__WHAT YOU NEED TO DO__: Please repeat every entry exactly as given, apart from dropping the images.

__GIVEN RECORDS__:
· · · ·
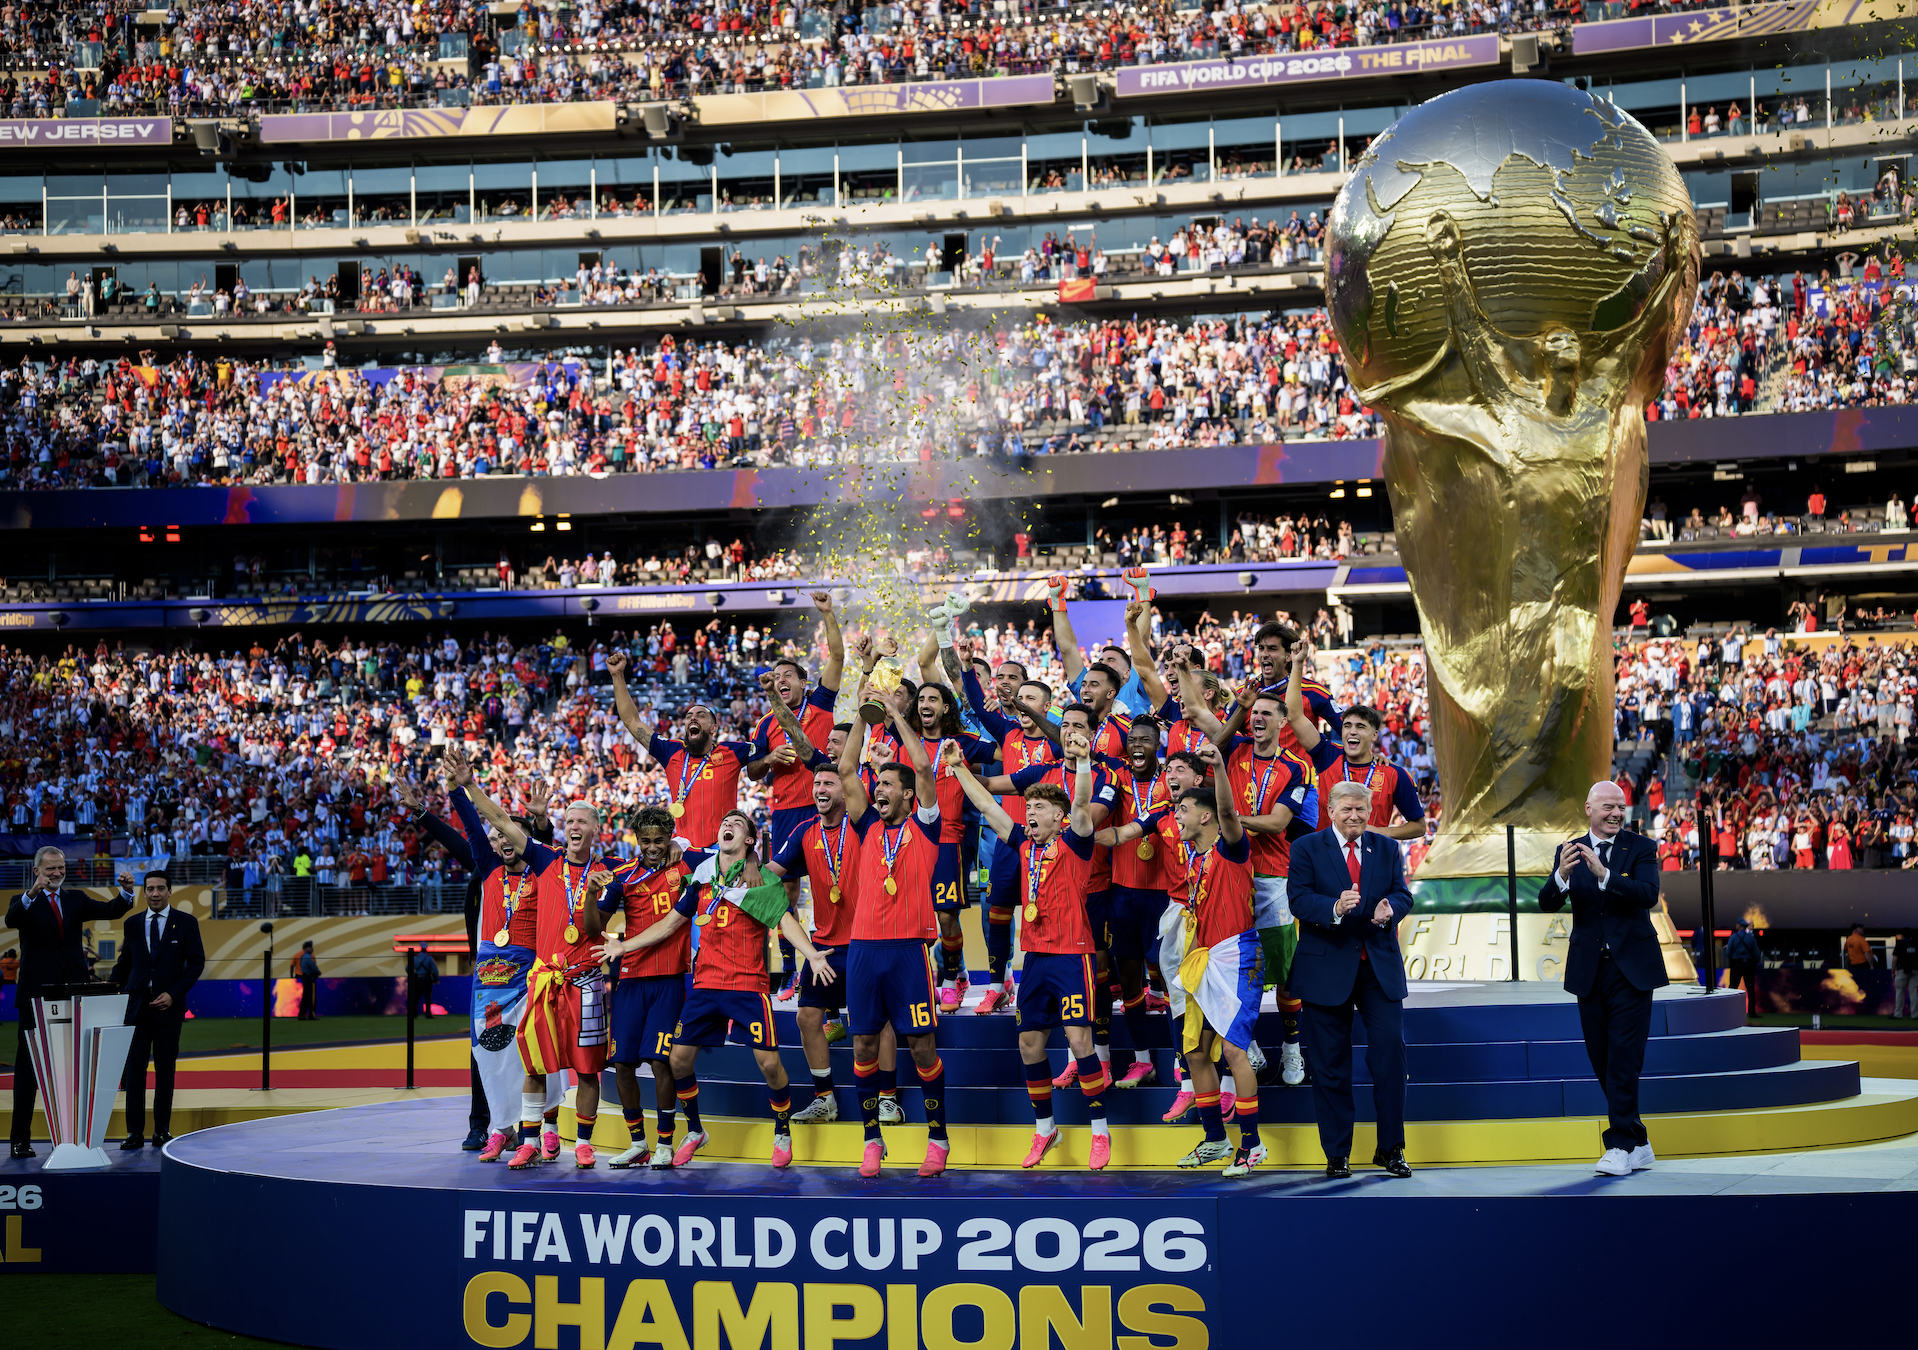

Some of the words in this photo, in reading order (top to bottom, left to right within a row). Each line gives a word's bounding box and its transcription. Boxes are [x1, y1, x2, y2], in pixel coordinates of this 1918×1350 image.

[1140, 71, 1179, 88] FIFA
[1182, 64, 1246, 85] WORLD
[1249, 61, 1285, 79] CUP
[1287, 56, 1353, 76] 2026
[1358, 51, 1403, 69] THE
[1405, 45, 1472, 66] FINAL
[45, 123, 154, 140] JERSEY
[618, 594, 695, 609] #FIFAWorldCup
[0, 612, 35, 628] rldCup
[651, 891, 672, 915] 19
[936, 881, 958, 904] 24
[717, 905, 730, 928] 9
[1408, 914, 1573, 945] FIFA
[1404, 954, 1511, 981] ORLD
[909, 1002, 931, 1027] 16
[1062, 994, 1084, 1020] 25
[750, 1021, 763, 1044] 9
[0, 1185, 43, 1210] 26
[0, 1215, 42, 1262] L
[463, 1209, 572, 1263] FIFA
[579, 1213, 797, 1268] WORLD
[809, 1216, 943, 1271] CUP
[956, 1216, 1208, 1273] 2026
[463, 1271, 1210, 1350] CHAMPIONS
· · · ·
__ANSWER__:
Some of the words in this photo, in reading order (top to bottom, left to right within a row). Each line gives a word's bounding box and its transcription. Boxes are [x1, y1, x2, y2], in pixel coordinates of this 1918×1350 image.

[1140, 71, 1179, 88] FIFA
[1182, 64, 1246, 85] WORLD
[1249, 61, 1285, 79] CUP
[1287, 56, 1353, 76] 2026
[1358, 51, 1403, 69] THE
[1405, 45, 1472, 66] FINAL
[45, 123, 154, 140] JERSEY
[618, 594, 695, 609] #FIFAWorldCup
[0, 612, 35, 628] rldCup
[651, 891, 672, 915] 19
[936, 881, 958, 904] 24
[717, 905, 730, 928] 9
[1408, 914, 1573, 945] FIFA
[1404, 954, 1511, 981] ORLD
[909, 1002, 931, 1027] 16
[1062, 994, 1084, 1020] 25
[750, 1021, 763, 1044] 9
[0, 1185, 43, 1210] 26
[0, 1215, 42, 1262] L
[463, 1209, 572, 1263] FIFA
[579, 1213, 797, 1268] WORLD
[809, 1216, 943, 1271] CUP
[956, 1216, 1208, 1273] 2026
[463, 1271, 1210, 1350] CHAMPIONS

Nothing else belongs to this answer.